C’est de Zagora d’où partait il y a de cela plusieurs siècles, dans un long voyage par chameau de 52 jours, le commerce transsaharien vers Tombouctou au Mali. Nous sommes dans le Drâa Tafilalet, là où la dynastie de l’Empire chérifien, les Saadiens, allaient inaugurer en 1591, la première expédition vers Tombouctou.

Vue partielle dune rue à Zagora – Crédit Aidara

La ville peuplée aujourd’hui d’environ 52.000 habitants, avec son aéroport et ses infrastructures offre une architecture typique et harmonisée qui donne une âme à la cité. Plusieurs Kasbahs dans la région sont peuplés d’Amazighes, de Chlouhas, de berbères et de juifs qui vivent en toute symbiose depuis des temps immémoriaux.

Hôtel Le Dromadaire Gourmand – Crédit Aidara

Après près de 8 heures de route, nous descendîmes enfin à l’hôtel « Le Dromadaire gourmand » de Moustapha Aït Mekin, un ancien chamelier, commerçant d’objets d’art légués par ses parents, puis hôtelier. Chaque soir, il rentre chez lui, comme de nombreux commerçants de la ville, à Amzrough, une Kasbah située à près de 4 kilomètres.

Après l’ouverture officielle du « Festival Taragalt » dans le splendide hôtel REDA de Zagora, le 30 octobre 2025, nous fîmes cap le lendemain en direction de M’Hamid Ghizlane, lieu des spectacles.

Mhamid Ghizlane, fin du trajet

Aux abords de la route bitumée, juste après Zagora, un tapis de pierres et des surfaces rocailleuses. Les montagnes réapparaissent comme de grises sentinelles qui tantôt nous étreignent et tantôt desserrent leurs masses noires. La végétation est de plus en plus clairsemée, striée par endroits par des défilés de palmeraies. Des routes secondaires viennent par intermittence entrecouper la nationale, zigzaguant vers des hauteurs lointaines. De temps à autre, des bâtisses solitaires surgissent dans la grisaille du jour. Nous traversons des ouvrages et des ponts. Puis, surgit la Kasbah d’Aitisoul, avec ses champs de palmeraies, ses panneaux solaires et ses pylônes aux allures insolites.  

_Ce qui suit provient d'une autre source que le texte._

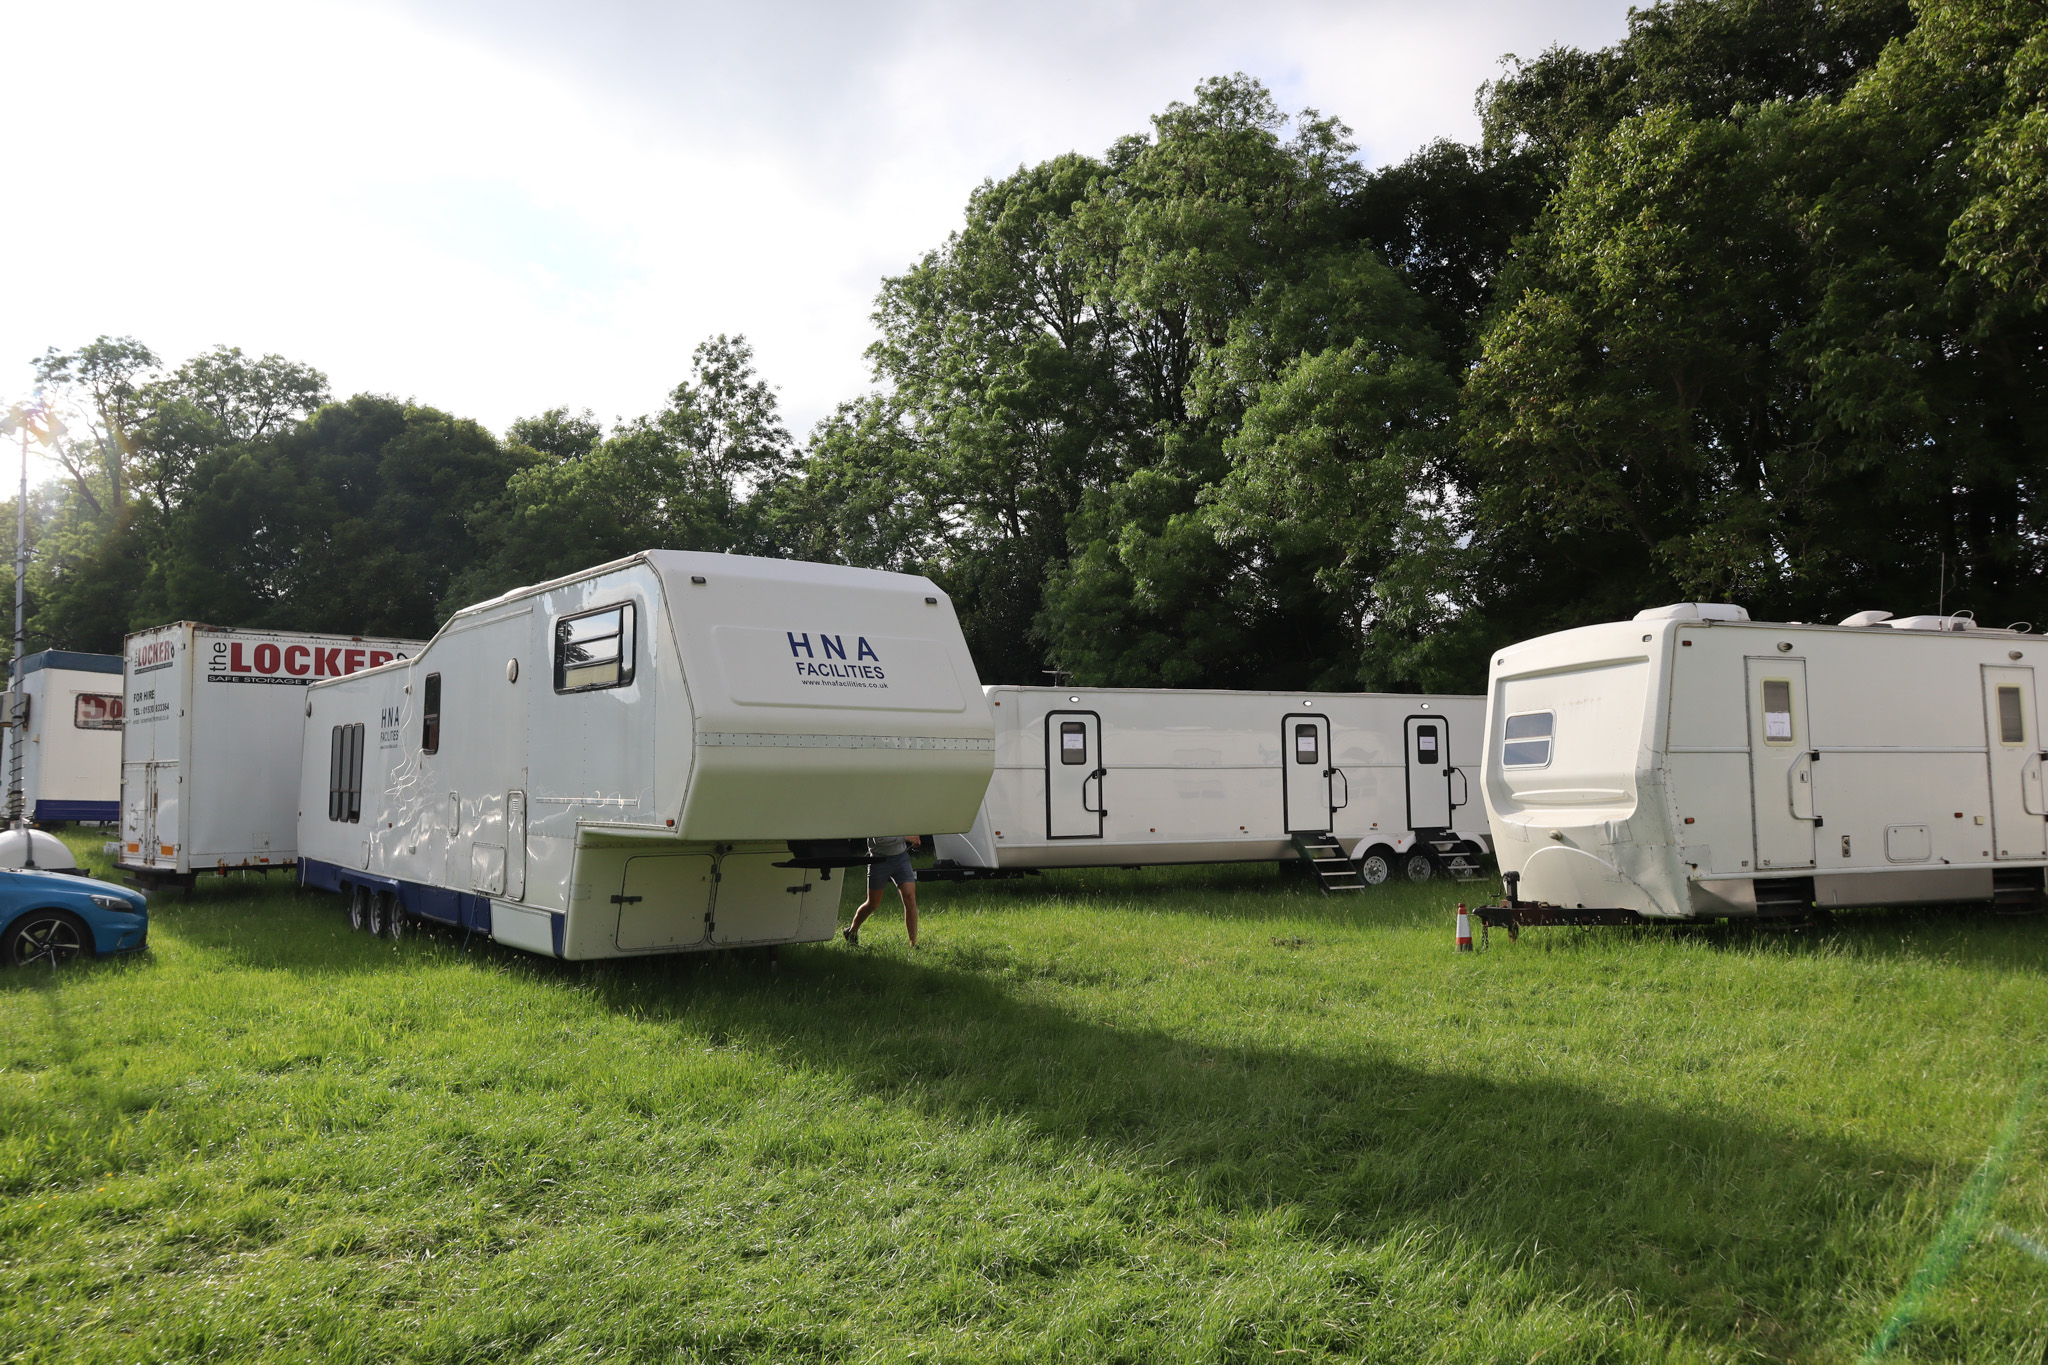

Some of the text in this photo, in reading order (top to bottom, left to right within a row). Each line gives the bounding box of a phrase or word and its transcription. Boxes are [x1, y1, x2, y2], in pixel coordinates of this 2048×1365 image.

[137, 640, 170, 667] LOCKER
[208, 642, 227, 672] the
[796, 662, 885, 679] FACILITIES
[243, 677, 300, 685] STORAGE
[801, 680, 889, 689] www.hnafacilities.co.uk
[133, 689, 155, 703] FOR HIRE

Sur les hauteurs du col de N’Tichka – Crédit Aidara

Quelques kilomètres plus loin et nous tombons sur Tagounit. De l’entrée de la cité, arpentée par des dizaines d’écoliers et d’élèves drapés de blouse blanche, jusqu’à la sortie, la circulation est ralentie par des travaux sur la route. Un bon quart d’heure de soubresauts. Puis, défilent l’Oued Ben Hakki, Regabi, avec ses maisons basses en argile, ses palmeraies et ses coopératives agricoles.

A 13 heures 55, le 31 octobre 2025, le panneau apparut : M’Hamid Ghizlane. Fin du trajet. Large soupir de soulagement des passagers de la voiture, mes amis d’Arterial Network, repus de sommeil, avec quelques bribes de souvenir sur le trajet. Quant à moi, la curiosité m’avait tenu éveillé tout au long du voyage.

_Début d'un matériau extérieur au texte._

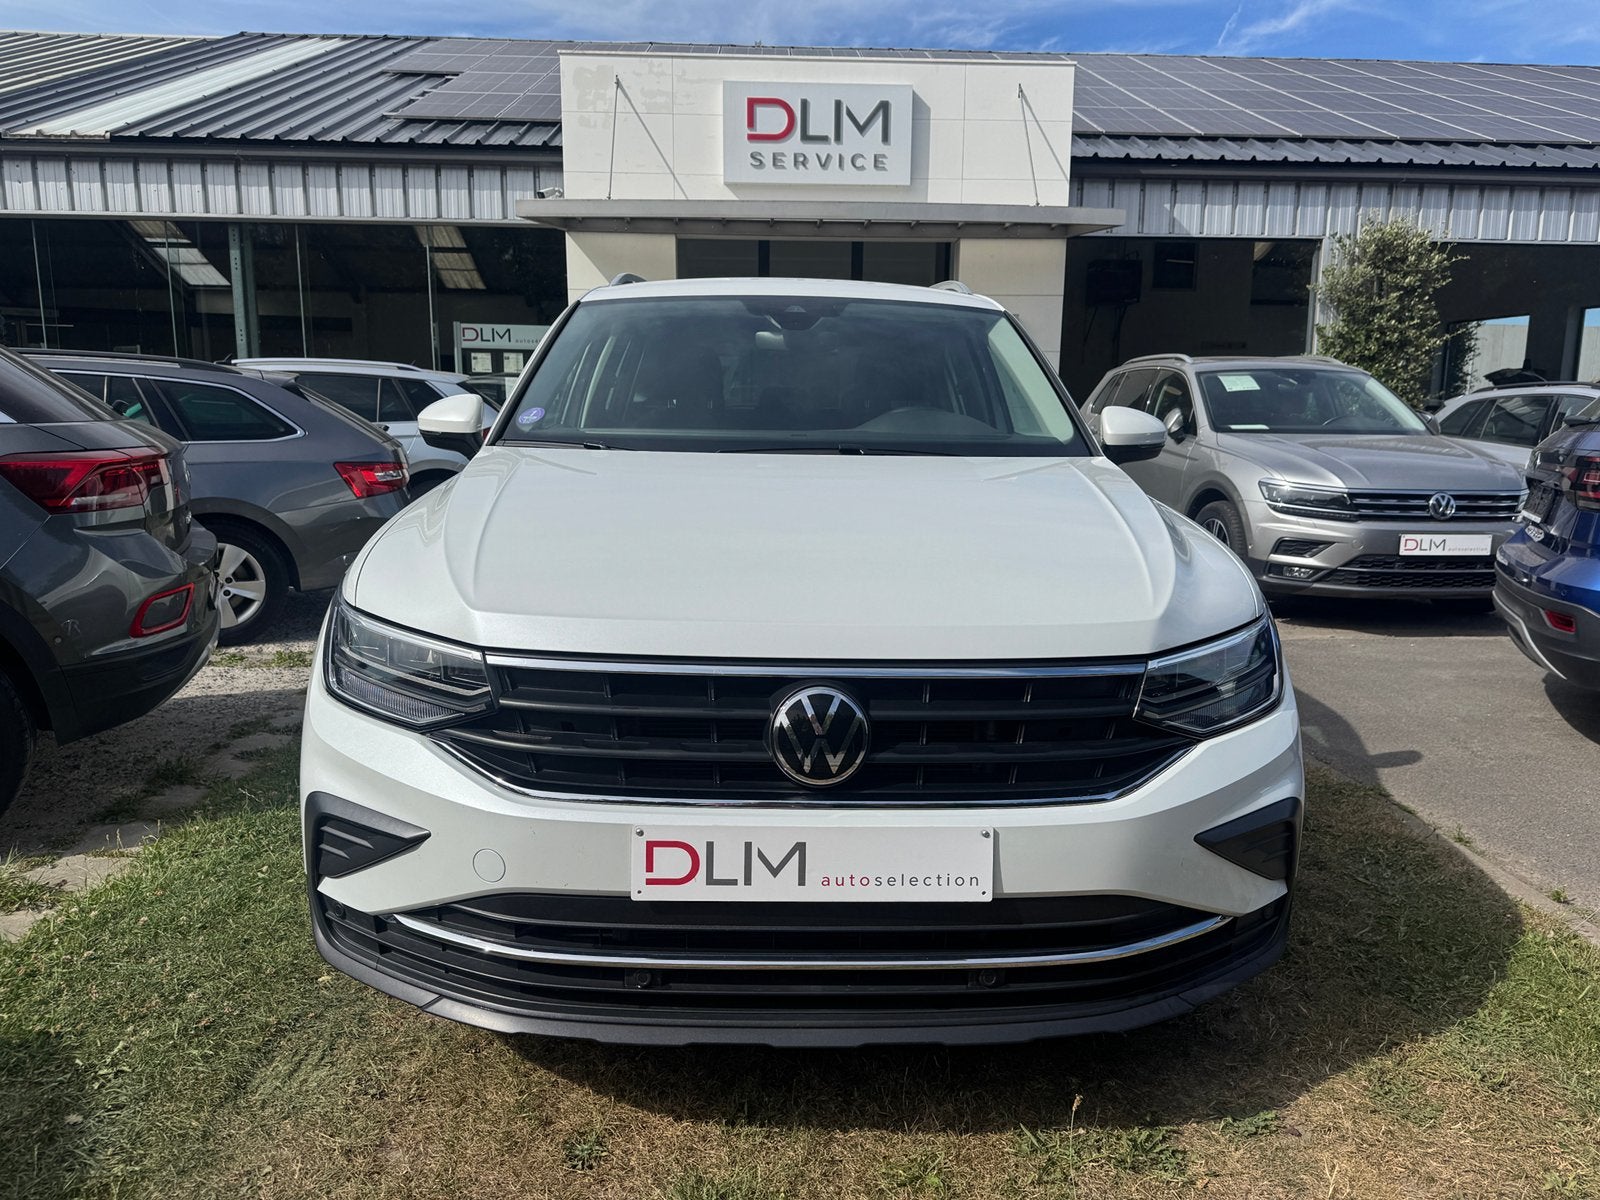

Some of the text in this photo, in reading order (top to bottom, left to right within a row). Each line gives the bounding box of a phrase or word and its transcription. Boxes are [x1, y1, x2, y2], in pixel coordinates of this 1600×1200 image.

[746, 97, 890, 143] DLM
[749, 151, 889, 171] SERVICE
[462, 327, 511, 342] DLM
[1403, 538, 1447, 552] DLM
[645, 840, 980, 887] DLM autoselection

Sur le site du festival Taragalt – Crédit Aïdara

M’Hamid Ghizlane, encore appelé Targala ou Taragalt, est située à la lisière du Sahara, sur les confins algéro-marocains. Sa population fait un peu plus de 7.000 habitants, avec des ergs de sable, des oasis et des populations nomades environnantes.  Elles vivent du tourisme essentiellement, offrant des excursions dans le désert, notamment vers les dunes de l’erg Chegaga et ses dernières colonies de gazelles encore vivantes dans leur milieu naturel.

Le « Festival Taragalt » pour lequel nous sommes venus à M’Hamid vit sa 16ème édition avec la présence de plusieurs touristes essentiellement européens. Il offre un cadre de brassage avec un jumelage avec deux autres célèbres festivals, celui de Tombouctou et celui de Ségou au Mali, avec lesquels, il entretient une caravane dénommée « Caravane de la Paix » fondée en 2013.